▶ [Problem] Every picture stays out; everything else in the listing below is to be returned exactly.

########

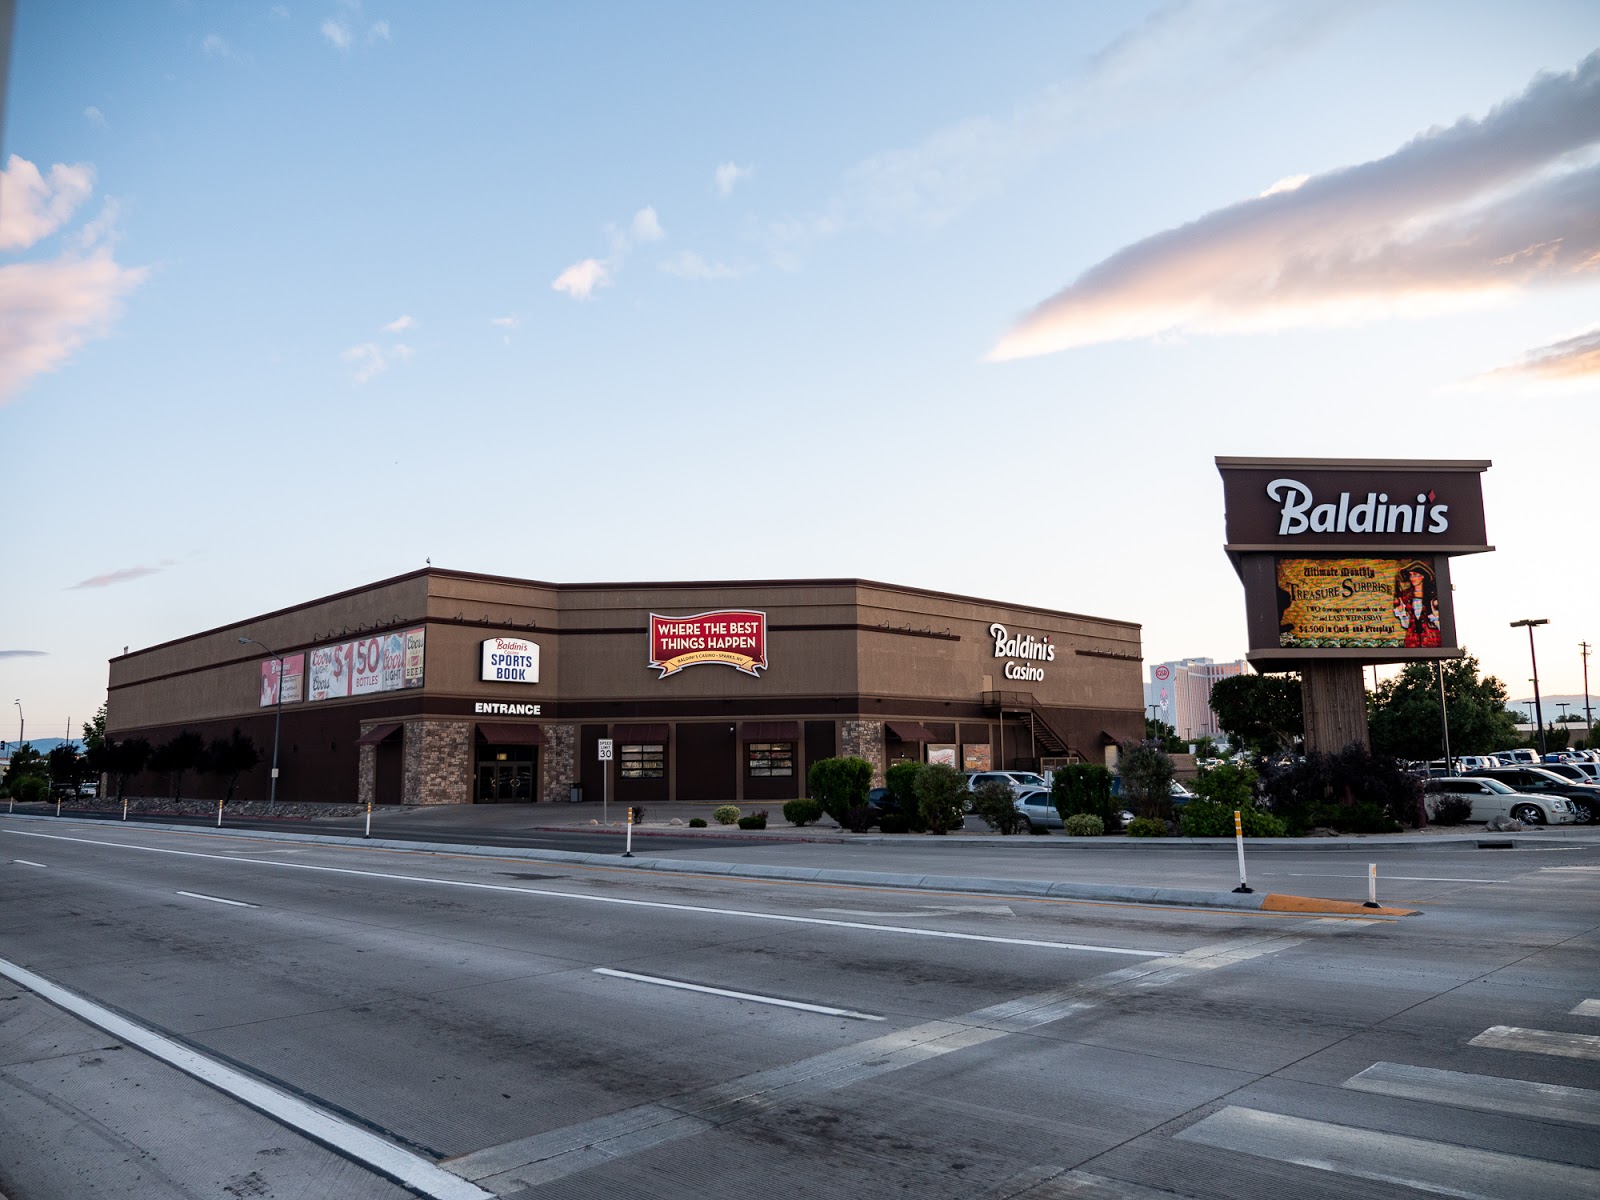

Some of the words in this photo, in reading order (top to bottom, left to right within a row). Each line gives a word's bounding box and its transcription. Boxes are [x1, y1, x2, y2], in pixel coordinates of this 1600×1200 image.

[1266, 478, 1449, 535] Baldini's
[1304, 566, 1338, 577] Ultimate
[1340, 566, 1375, 579] Monthly
[658, 623, 701, 635] WHERE
[703, 622, 727, 635] THE
[730, 621, 759, 634] BEST
[496, 637, 528, 651] Baldini's
[661, 637, 706, 650] THINGS
[708, 636, 756, 649] HAPPEN
[990, 623, 1055, 661] Baldini's
[491, 653, 533, 668] SPORTS
[384, 669, 401, 682] LIGHT
[496, 667, 526, 681] BOOK
[1004, 661, 1045, 681] Casino
[355, 675, 379, 688] BOTTLES
[475, 702, 541, 715] ENTRANCE
[600, 749, 612, 758] 30
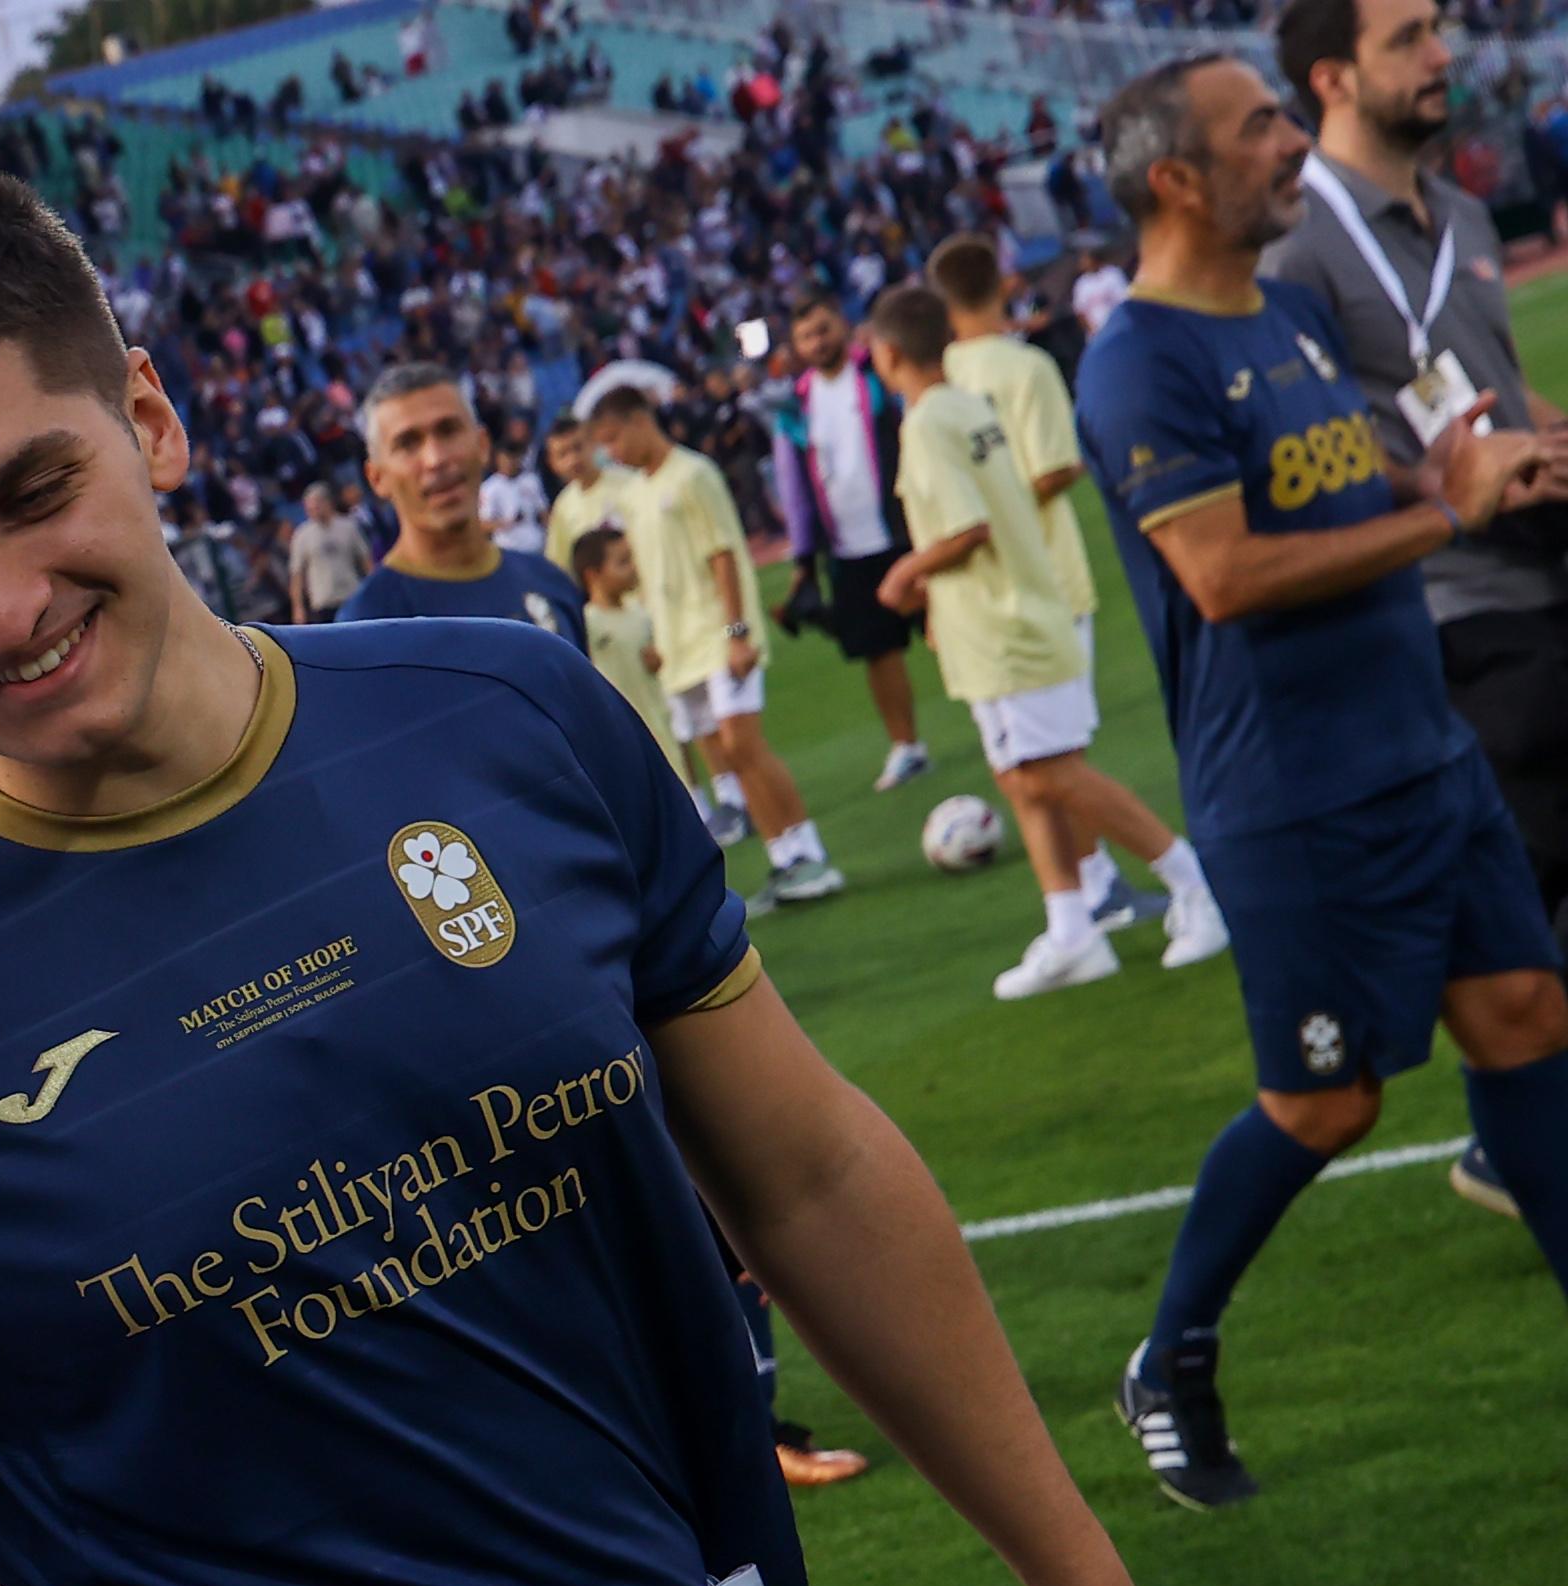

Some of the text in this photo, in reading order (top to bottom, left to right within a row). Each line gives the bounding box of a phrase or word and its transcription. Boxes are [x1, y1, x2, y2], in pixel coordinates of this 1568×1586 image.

[439, 900, 504, 956] SPF
[178, 936, 358, 1034] MATCH OF HOPE
[234, 1012, 284, 1041] SEPTEMBER
[314, 979, 355, 1002] BULGARIA
[216, 1020, 236, 1033] The
[75, 1044, 645, 1338] The Stiliyan Petrov
[231, 1166, 588, 1367] Foundation
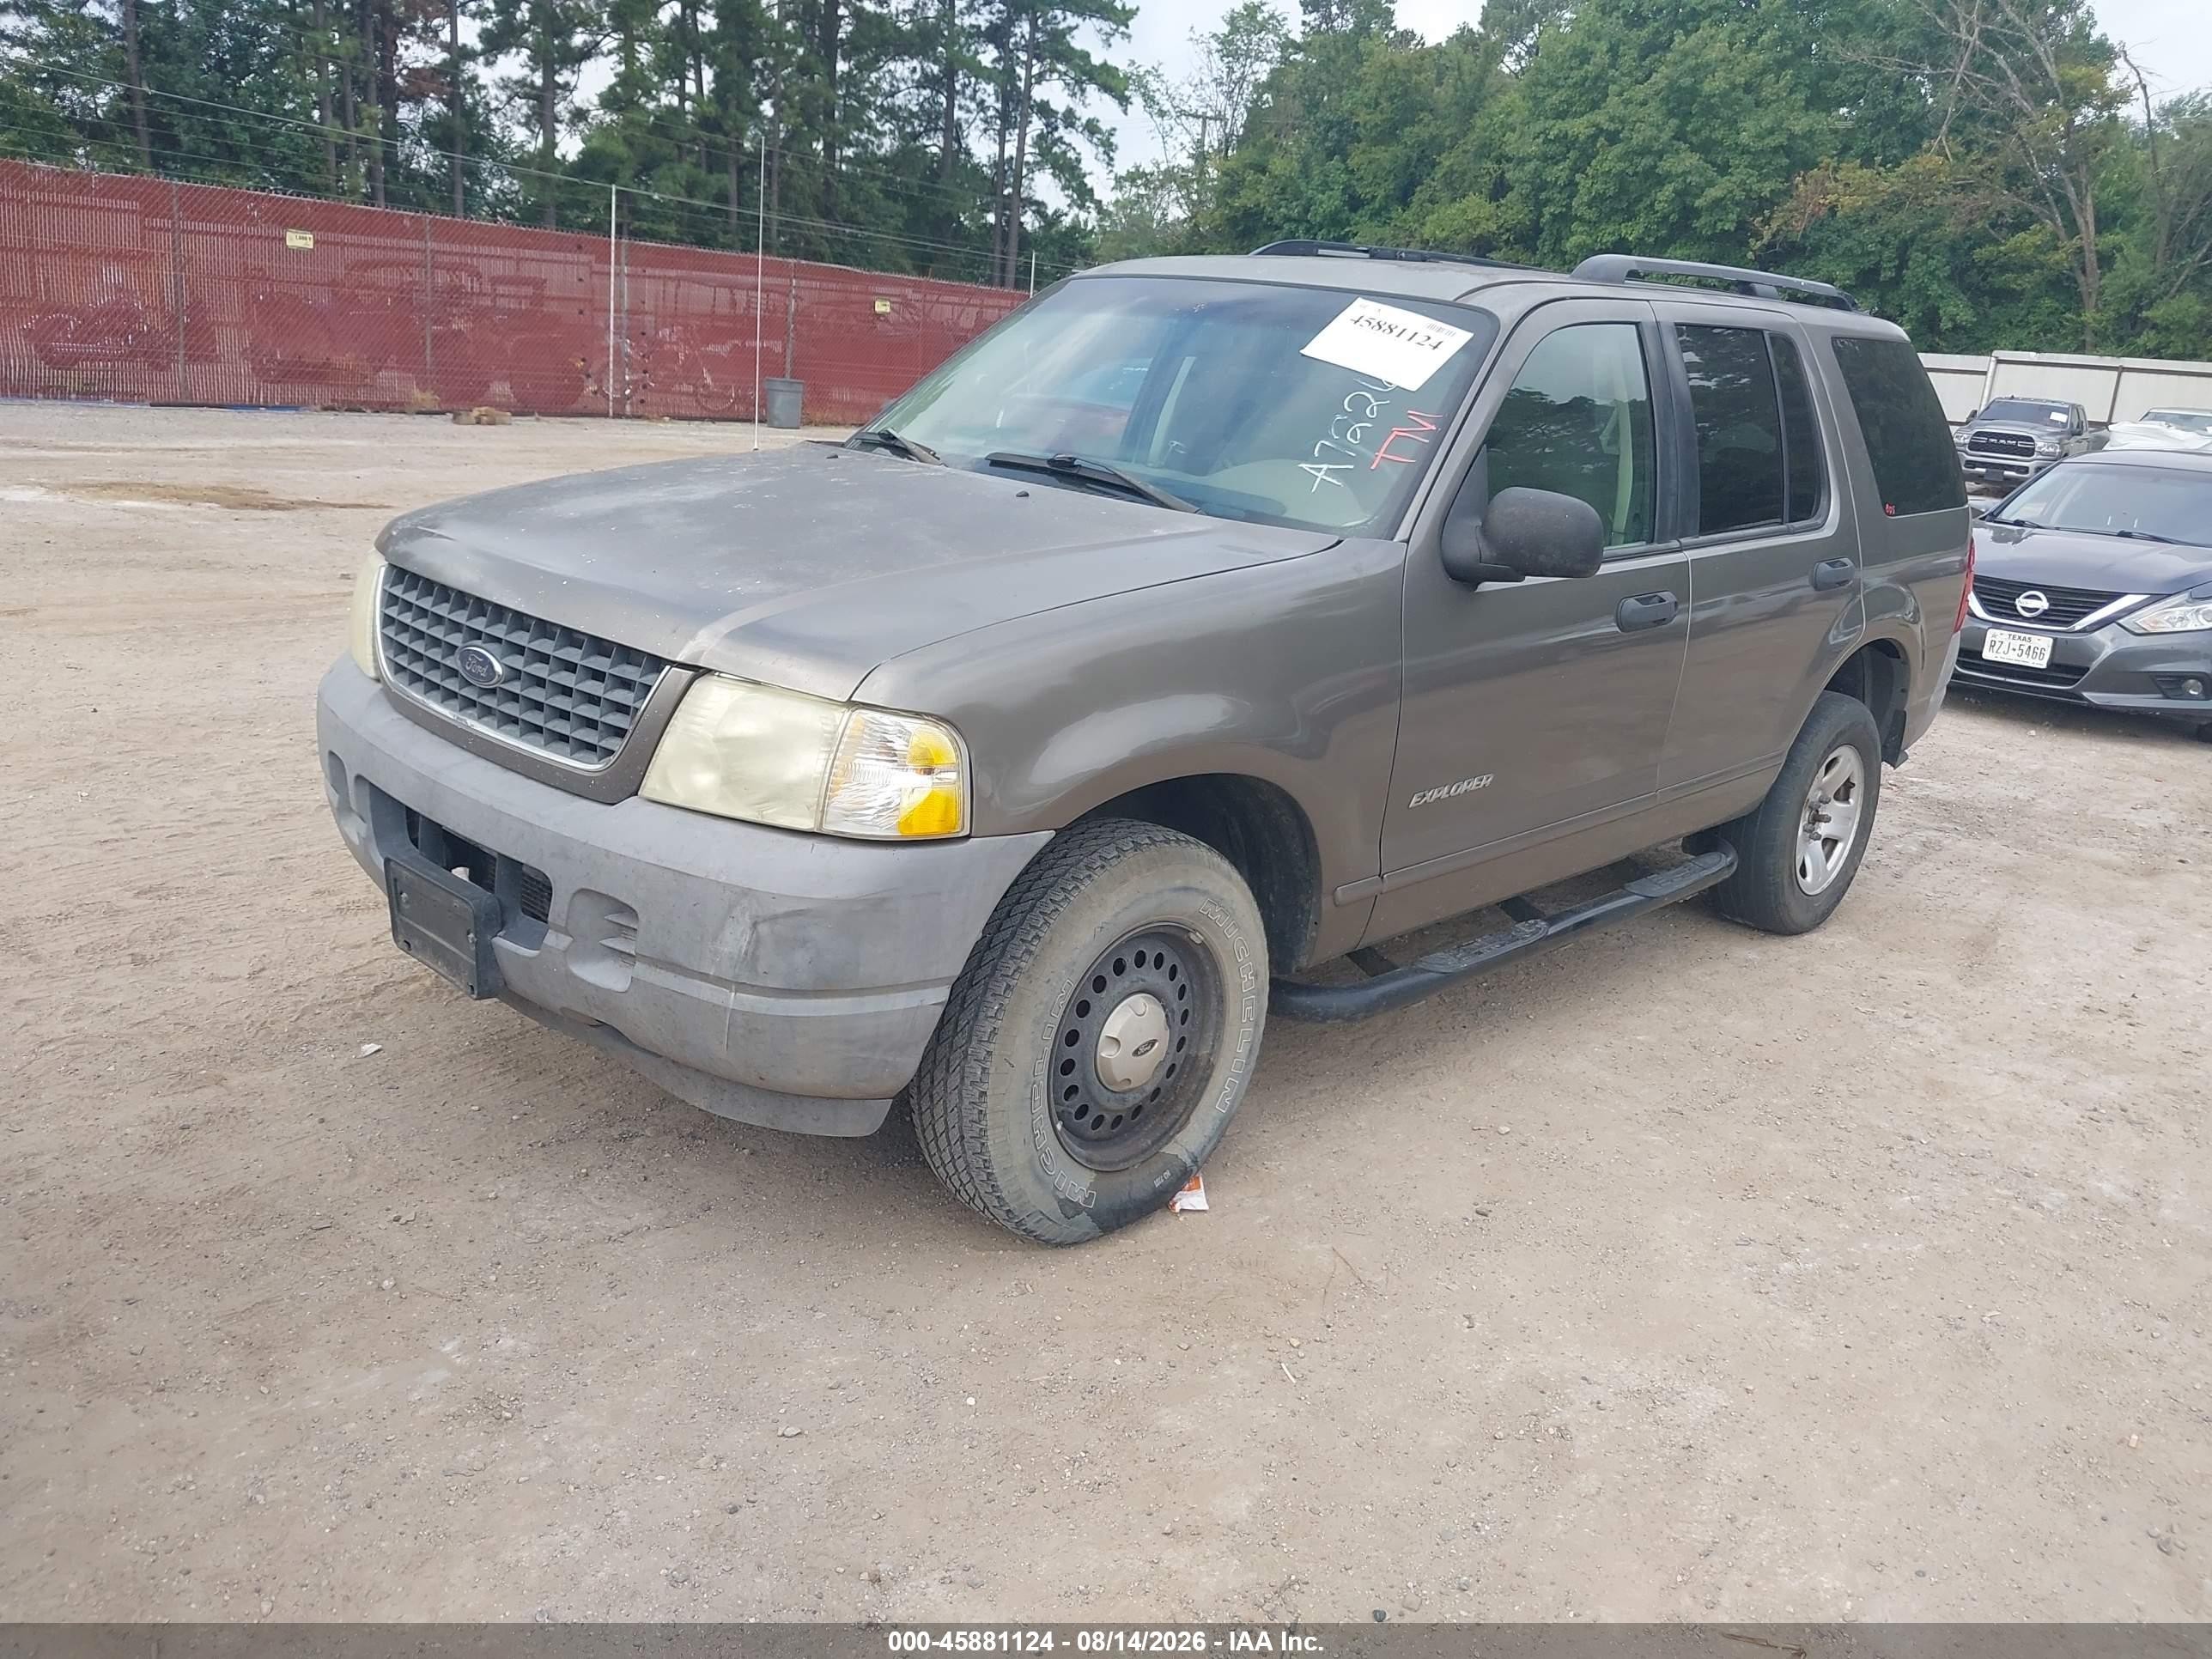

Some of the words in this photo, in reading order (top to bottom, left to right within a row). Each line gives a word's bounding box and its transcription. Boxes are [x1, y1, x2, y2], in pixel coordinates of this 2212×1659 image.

[1349, 314, 1443, 350] 45881124
[2008, 634, 2033, 643] TEXAS
[1408, 773, 1494, 808] EXPLORER
[1199, 897, 1256, 1114] MICHELIN
[1030, 979, 1097, 1209] MICHELIN

########

▶ [Your response]
Some of the words in this photo, in reading order (top to bottom, left to right within a row). Each line gives a word's bounding box and its transcription. Boxes are [x1, y1, x2, y2], in pixel coordinates of this 1600×1200 image.

[1266, 478, 1449, 535] Baldini's
[1304, 566, 1338, 577] Ultimate
[1340, 566, 1375, 579] Monthly
[658, 623, 701, 635] WHERE
[703, 622, 727, 635] THE
[730, 621, 759, 634] BEST
[496, 637, 528, 651] Baldini's
[661, 637, 706, 650] THINGS
[708, 636, 756, 649] HAPPEN
[990, 623, 1055, 661] Baldini's
[491, 653, 533, 668] SPORTS
[384, 669, 401, 682] LIGHT
[496, 667, 526, 681] BOOK
[1004, 661, 1045, 681] Casino
[355, 675, 379, 688] BOTTLES
[475, 702, 541, 715] ENTRANCE
[600, 749, 612, 758] 30

Some of the text in this photo, in reading order (top to bottom, left to right within a row). Each line gives the bounding box of a phrase or word and its transcription. Boxes are [x1, y1, x2, y2], in pixel coordinates of this 1568×1586 image.

[439, 900, 504, 956] SPF
[178, 936, 358, 1034] MATCH OF HOPE
[234, 1012, 284, 1041] SEPTEMBER
[314, 979, 355, 1002] BULGARIA
[216, 1020, 236, 1033] The
[75, 1044, 645, 1338] The Stiliyan Petrov
[231, 1166, 588, 1367] Foundation

Some of the words in this photo, in reading order (top to bottom, left to right within a row). Each line gives a word's bounding box and its transcription. Boxes are [x1, y1, x2, y2], in pixel coordinates of this 2212×1659 image.

[1349, 314, 1443, 350] 45881124
[2008, 634, 2033, 643] TEXAS
[1408, 773, 1494, 808] EXPLORER
[1199, 897, 1256, 1114] MICHELIN
[1030, 979, 1097, 1209] MICHELIN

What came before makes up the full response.